(Material shown begins)

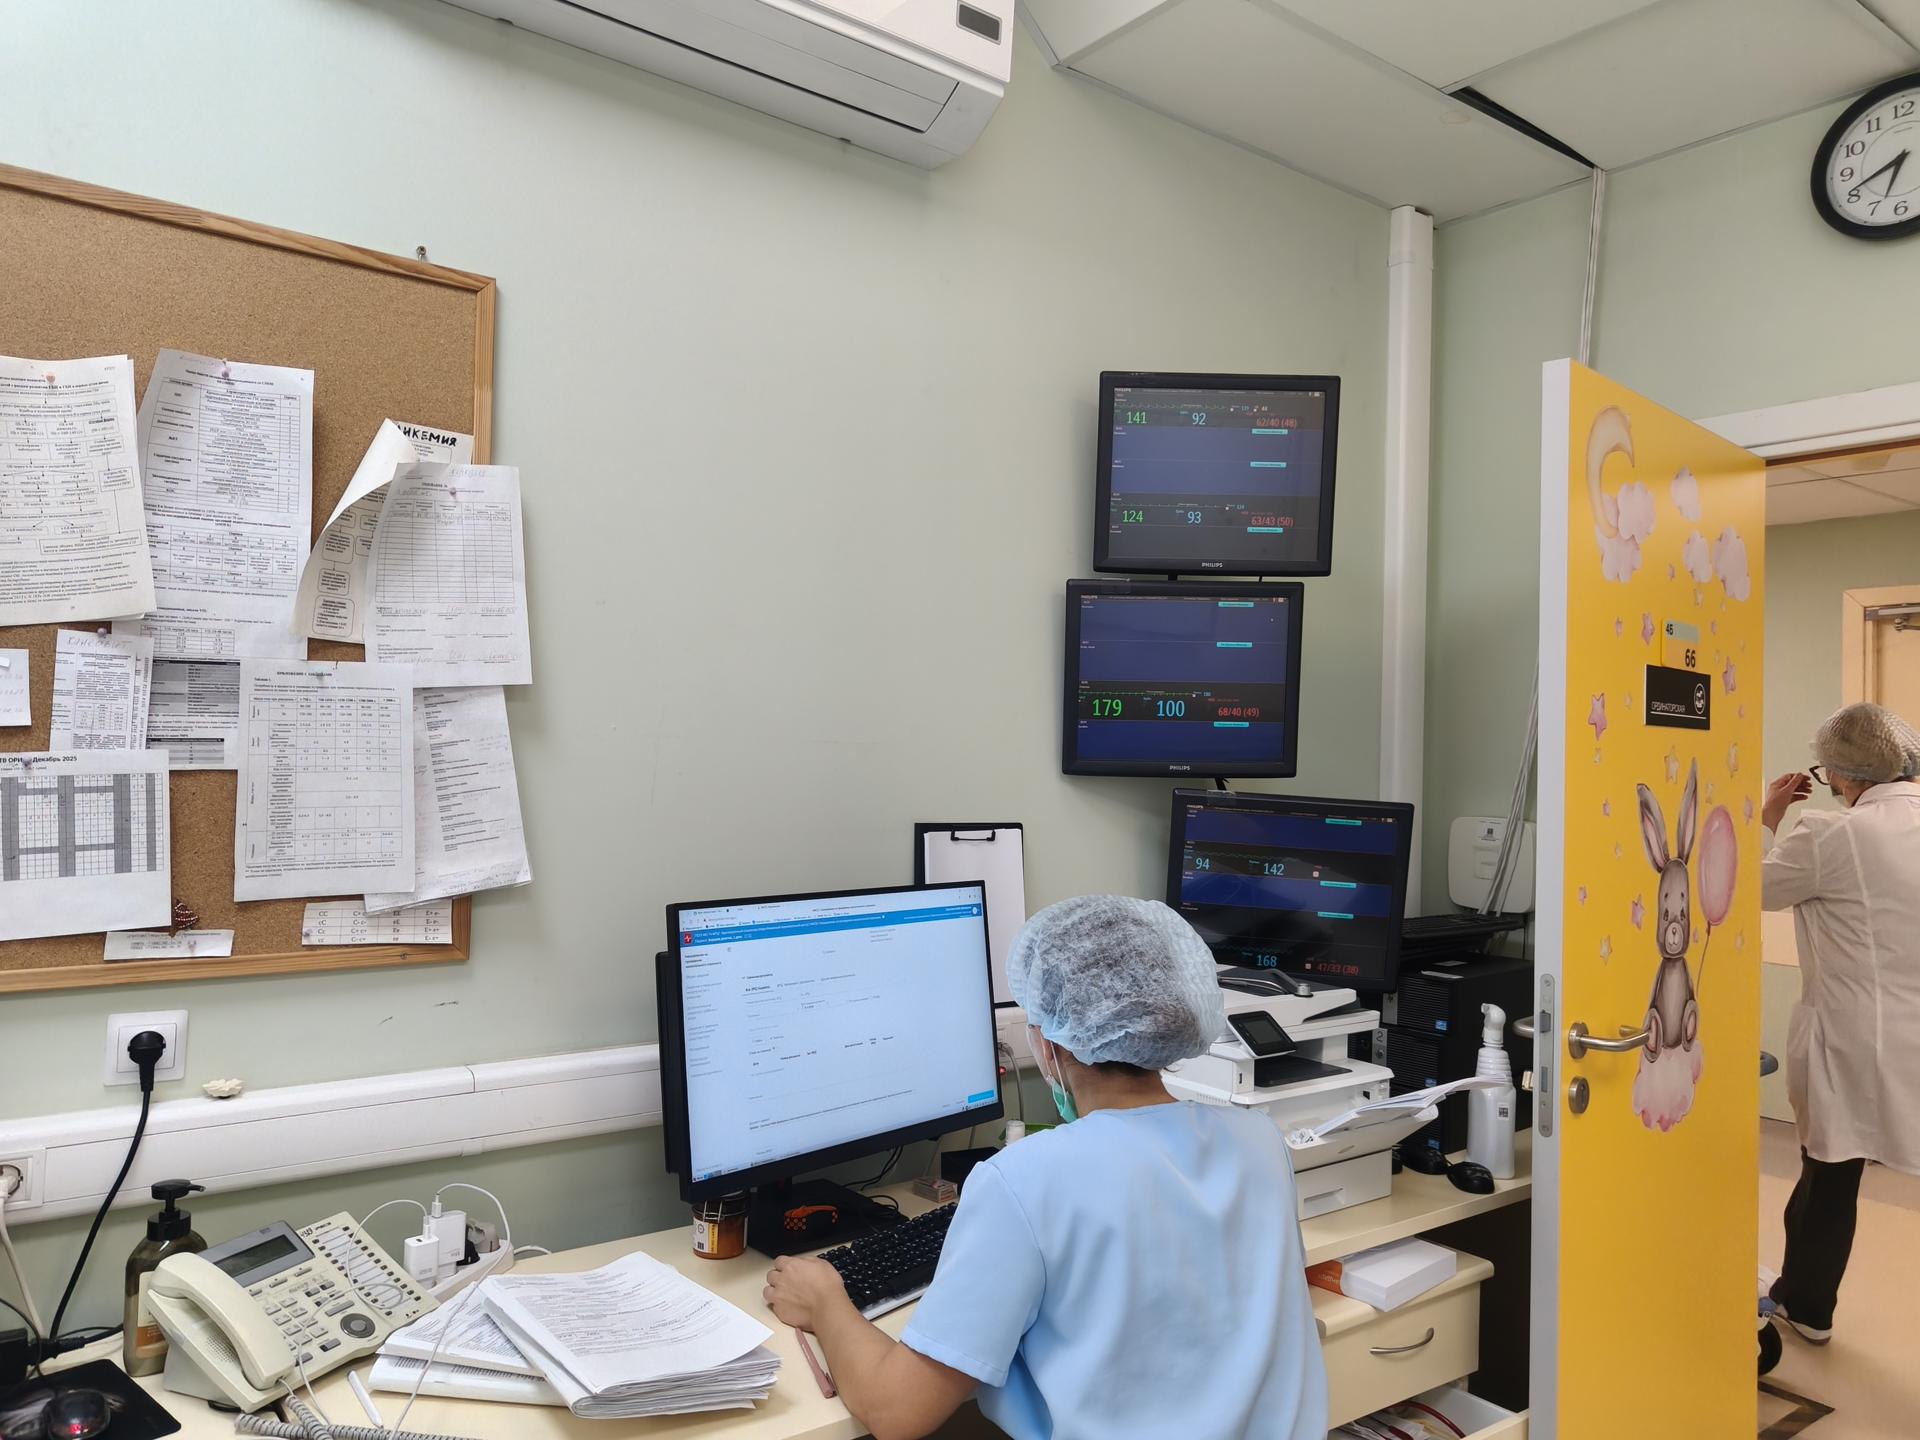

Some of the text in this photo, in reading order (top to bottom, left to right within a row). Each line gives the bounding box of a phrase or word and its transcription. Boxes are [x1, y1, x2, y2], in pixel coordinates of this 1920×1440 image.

[1893, 100, 1915, 119] 12
[1866, 117, 1881, 133] 11
[1845, 140, 1866, 158] 10
[1840, 167, 1854, 182] 9
[1847, 190, 1861, 204] 8
[1868, 200, 1881, 216] 7
[1893, 200, 1908, 216] 6
[1127, 411, 1147, 424] 141
[1192, 412, 1207, 425] 92
[397, 425, 457, 447] ИКЕМИЯ
[1122, 510, 1144, 523] 124
[1187, 511, 1202, 524] 93
[1251, 517, 1275, 526] 63/43
[1685, 649, 1696, 667] 66
[1092, 699, 1122, 717] 179
[1156, 700, 1185, 717] 100
[1218, 707, 1260, 717] 68/40 (49)
[32, 756, 61, 764] Декабрь
[1195, 858, 1210, 870] 94
[1263, 863, 1284, 876] 142
[1256, 955, 1277, 967] 168

(Material shown ends)

» **Exercise**
For every entry above, please output the text exactly and leave any picture behind.

» **Answer to this task**
Some of the text in this photo, in reading order (top to bottom, left to right within a row). Each line gives the bounding box of a phrase or word and its transcription. Boxes are [x1, y1, x2, y2], in pixel coordinates of this 1920×1440 image.

[1893, 100, 1915, 119] 12
[1866, 117, 1881, 133] 11
[1845, 140, 1866, 158] 10
[1840, 167, 1854, 182] 9
[1847, 190, 1861, 204] 8
[1868, 200, 1881, 216] 7
[1893, 200, 1908, 216] 6
[1127, 411, 1147, 424] 141
[1192, 412, 1207, 425] 92
[397, 425, 457, 447] ИКЕМИЯ
[1122, 510, 1144, 523] 124
[1187, 511, 1202, 524] 93
[1251, 517, 1275, 526] 63/43
[1685, 649, 1696, 667] 66
[1092, 699, 1122, 717] 179
[1156, 700, 1185, 717] 100
[1218, 707, 1260, 717] 68/40 (49)
[32, 756, 61, 764] Декабрь
[1195, 858, 1210, 870] 94
[1263, 863, 1284, 876] 142
[1256, 955, 1277, 967] 168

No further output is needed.